*TASK DATA*.
......
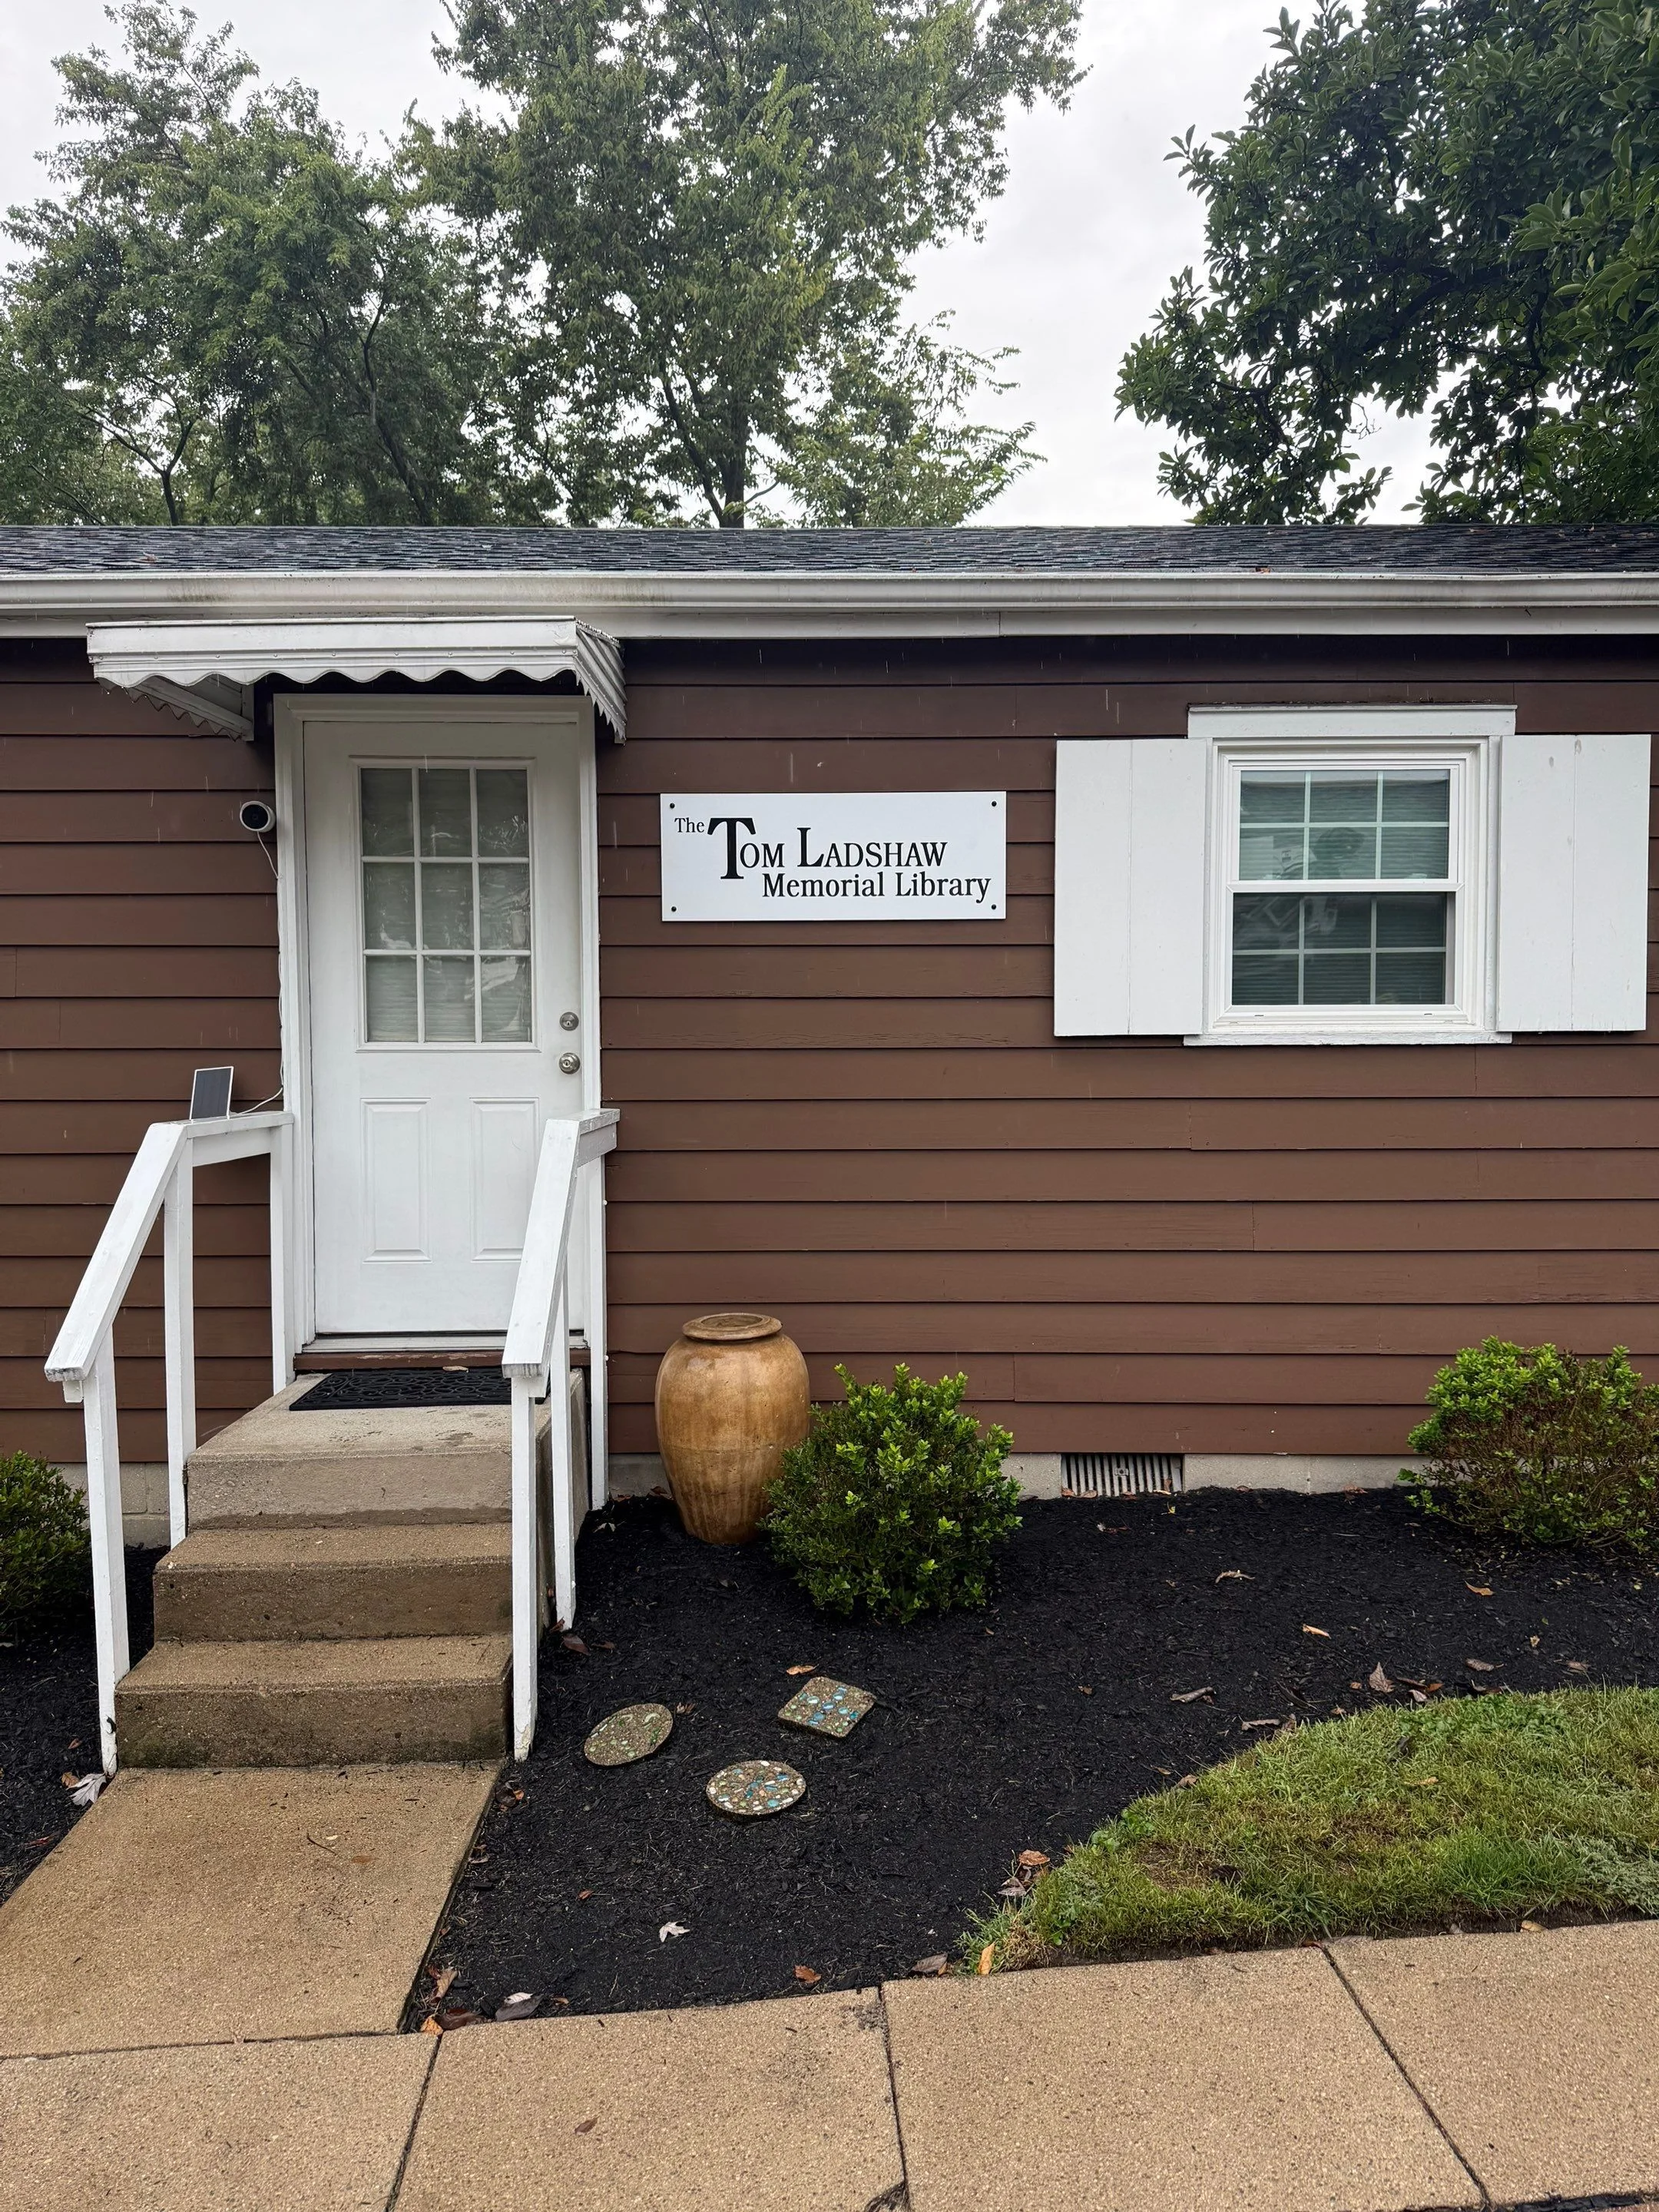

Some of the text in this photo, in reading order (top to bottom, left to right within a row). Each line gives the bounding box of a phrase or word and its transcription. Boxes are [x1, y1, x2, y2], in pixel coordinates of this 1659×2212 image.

[674, 816, 948, 880] The TOM LADSHAW
[762, 870, 992, 904] Memorial Library
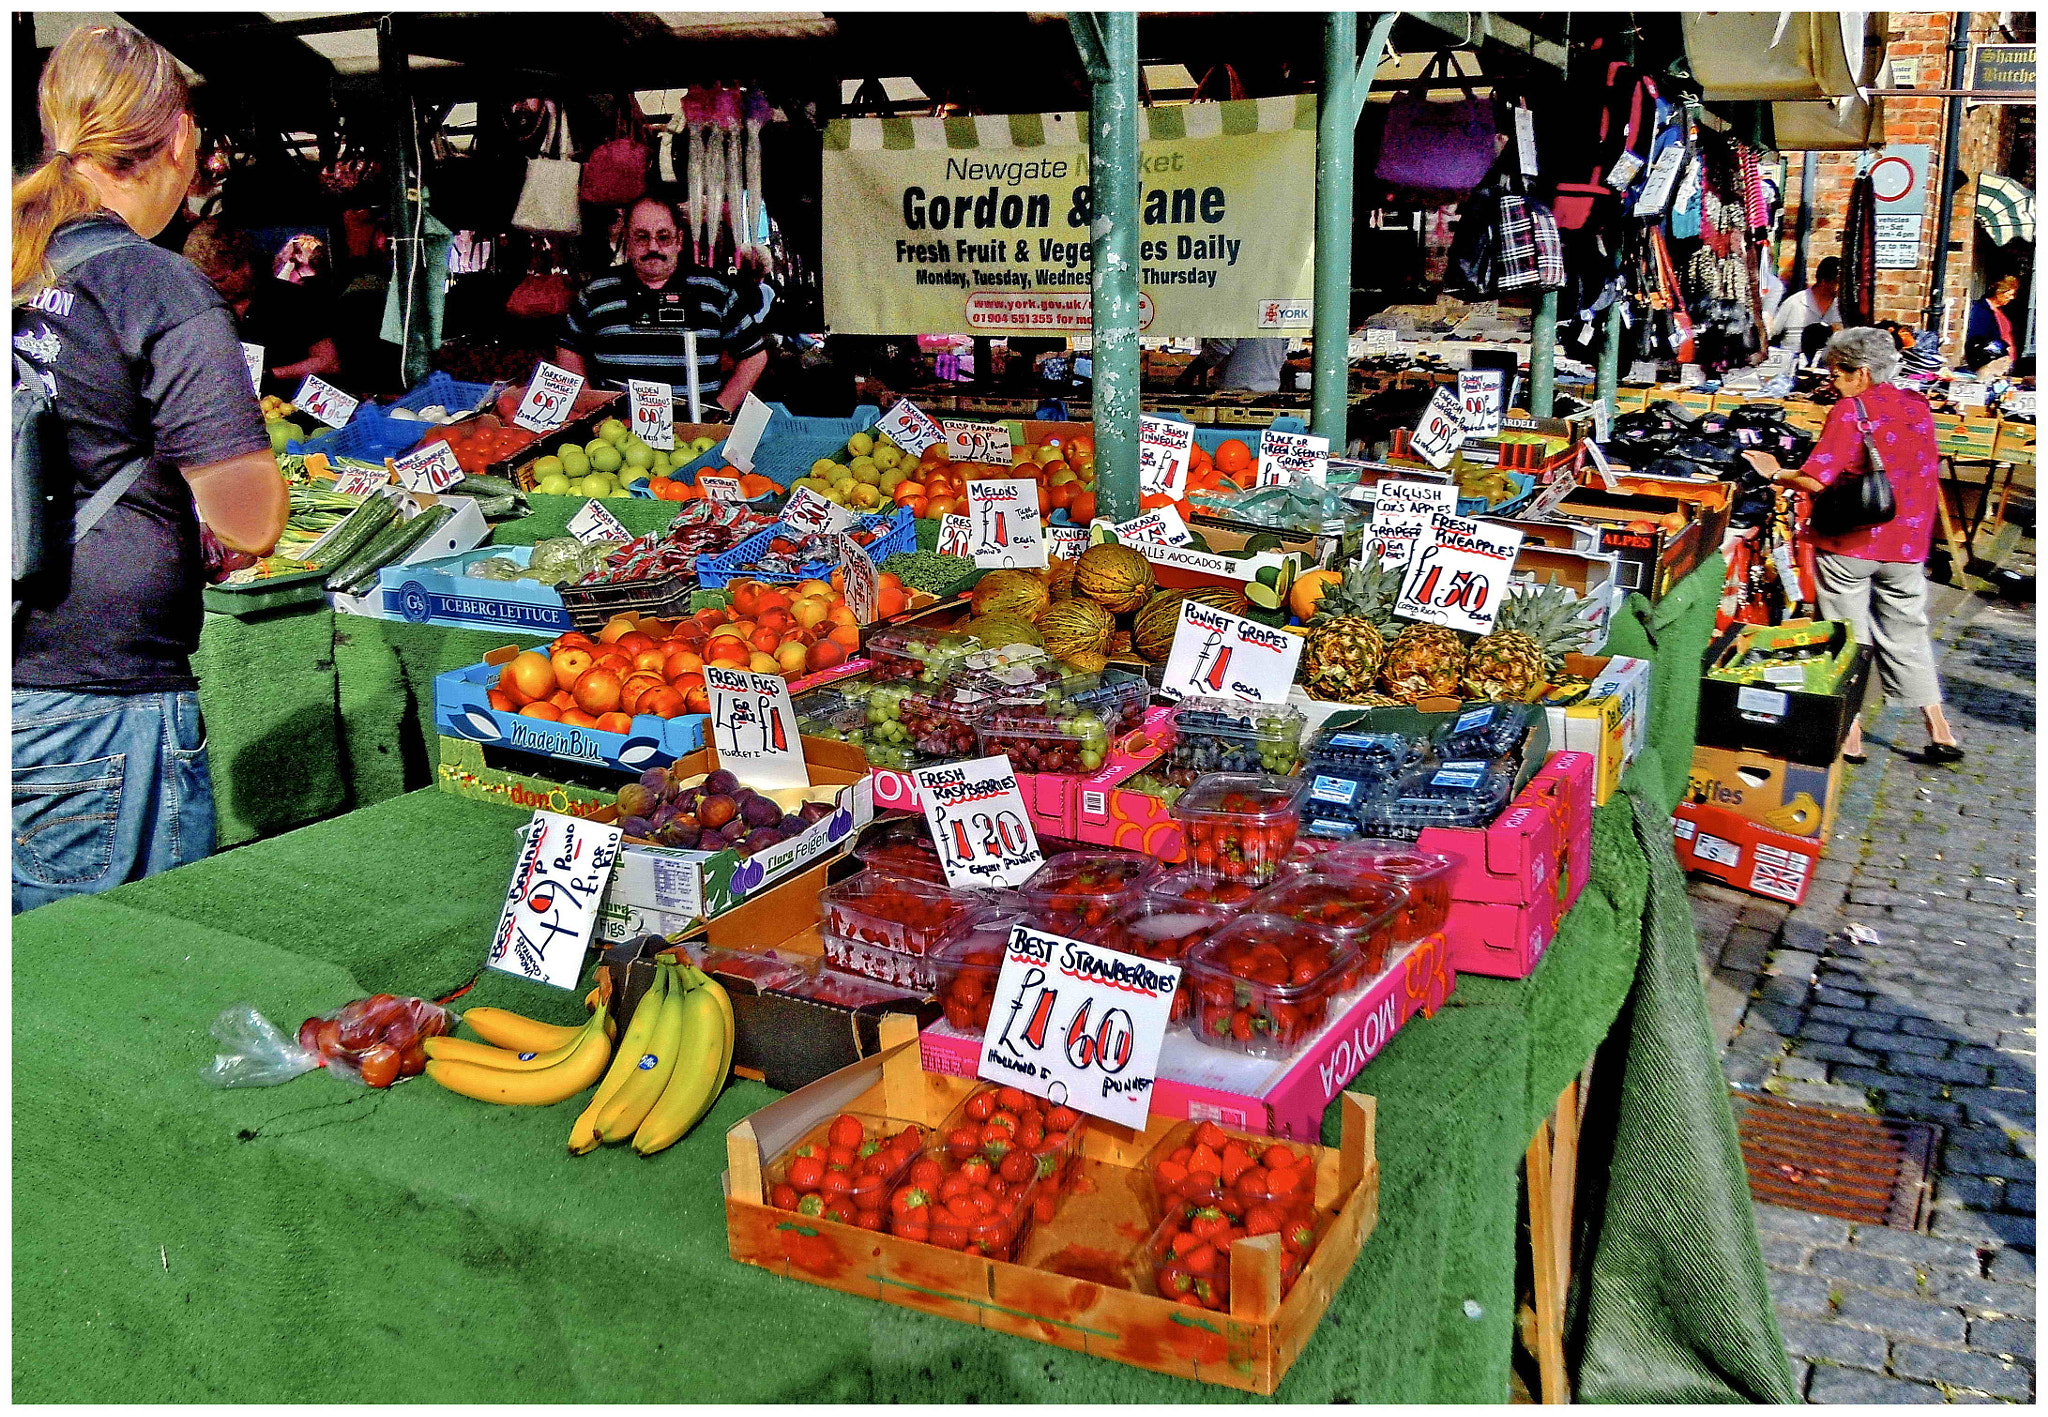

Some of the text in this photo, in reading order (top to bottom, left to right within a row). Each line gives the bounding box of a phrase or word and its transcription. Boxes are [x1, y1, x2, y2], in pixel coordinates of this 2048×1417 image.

[946, 158, 1068, 186] Newgate
[903, 181, 1226, 230] Gordon & ane
[896, 239, 951, 263] Fresh
[956, 239, 1007, 263] Fruit
[1014, 239, 1030, 263] &
[1177, 234, 1241, 266] Daily
[916, 267, 1218, 289] Monday, Tuesday, Thursday
[972, 314, 1009, 325] 01904
[1056, 314, 1073, 324] for
[1279, 309, 1309, 319] YORK
[541, 365, 580, 387] YORKSHIRE
[544, 378, 574, 394] TOMATOES
[633, 382, 660, 395] GOLDEN
[945, 421, 969, 431] CRISP
[1261, 443, 1289, 455] GREEN
[1265, 432, 1294, 445] BLACK
[1277, 456, 1315, 468] GRAPES
[971, 483, 1018, 498] MELONS
[1382, 483, 1442, 501] ENGLISH
[1431, 513, 1478, 534] FRESH
[940, 525, 968, 557] 20
[1435, 529, 1515, 558] PINEAPPLES
[1602, 533, 1652, 548] ALPES
[1167, 552, 1222, 570] AVOCADOS
[441, 597, 561, 624] ICEBERG LETTUCE
[1184, 602, 1288, 649] PUNNET GRAPES
[707, 667, 780, 698] FRESH FIGS
[511, 719, 556, 751] Made
[569, 729, 604, 761] Blu
[918, 768, 966, 788] FRESH
[1090, 764, 1127, 784] MOYCA
[933, 776, 1016, 801] RASPBERRIES
[767, 832, 828, 869] flora Feigen
[490, 817, 545, 963] BEST BANANAS
[1008, 929, 1175, 994] BEST STRAWBERRIES
[1319, 992, 1395, 1097] MOYCA
[988, 1048, 1036, 1077] HOLLAND
[1102, 1075, 1153, 1098] PUNNET
......
*INSTRUCTIONS FOR THE TASK*.
What is wanted is a verbatim transcription of every record above, pictures excluded.

*RESPONSE TO THIS EXERCISE*.
Some of the text in this photo, in reading order (top to bottom, left to right within a row). Each line gives the bounding box of a phrase or word and its transcription. Boxes are [x1, y1, x2, y2], in pixel coordinates of this 1659×2212 image.

[674, 816, 948, 880] The TOM LADSHAW
[762, 870, 992, 904] Memorial Library

Some of the text in this photo, in reading order (top to bottom, left to right within a row). Each line gives the bounding box of a phrase or word and its transcription. Boxes are [x1, y1, x2, y2], in pixel coordinates of this 2048×1417 image.

[946, 158, 1068, 186] Newgate
[903, 181, 1226, 230] Gordon & ane
[896, 239, 951, 263] Fresh
[956, 239, 1007, 263] Fruit
[1014, 239, 1030, 263] &
[1177, 234, 1241, 266] Daily
[916, 267, 1218, 289] Monday, Tuesday, Thursday
[972, 314, 1009, 325] 01904
[1056, 314, 1073, 324] for
[1279, 309, 1309, 319] YORK
[541, 365, 580, 387] YORKSHIRE
[544, 378, 574, 394] TOMATOES
[633, 382, 660, 395] GOLDEN
[945, 421, 969, 431] CRISP
[1261, 443, 1289, 455] GREEN
[1265, 432, 1294, 445] BLACK
[1277, 456, 1315, 468] GRAPES
[971, 483, 1018, 498] MELONS
[1382, 483, 1442, 501] ENGLISH
[1431, 513, 1478, 534] FRESH
[940, 525, 968, 557] 20
[1435, 529, 1515, 558] PINEAPPLES
[1602, 533, 1652, 548] ALPES
[1167, 552, 1222, 570] AVOCADOS
[441, 597, 561, 624] ICEBERG LETTUCE
[1184, 602, 1288, 649] PUNNET GRAPES
[707, 667, 780, 698] FRESH FIGS
[511, 719, 556, 751] Made
[569, 729, 604, 761] Blu
[918, 768, 966, 788] FRESH
[1090, 764, 1127, 784] MOYCA
[933, 776, 1016, 801] RASPBERRIES
[767, 832, 828, 869] flora Feigen
[490, 817, 545, 963] BEST BANANAS
[1008, 929, 1175, 994] BEST STRAWBERRIES
[1319, 992, 1395, 1097] MOYCA
[988, 1048, 1036, 1077] HOLLAND
[1102, 1075, 1153, 1098] PUNNET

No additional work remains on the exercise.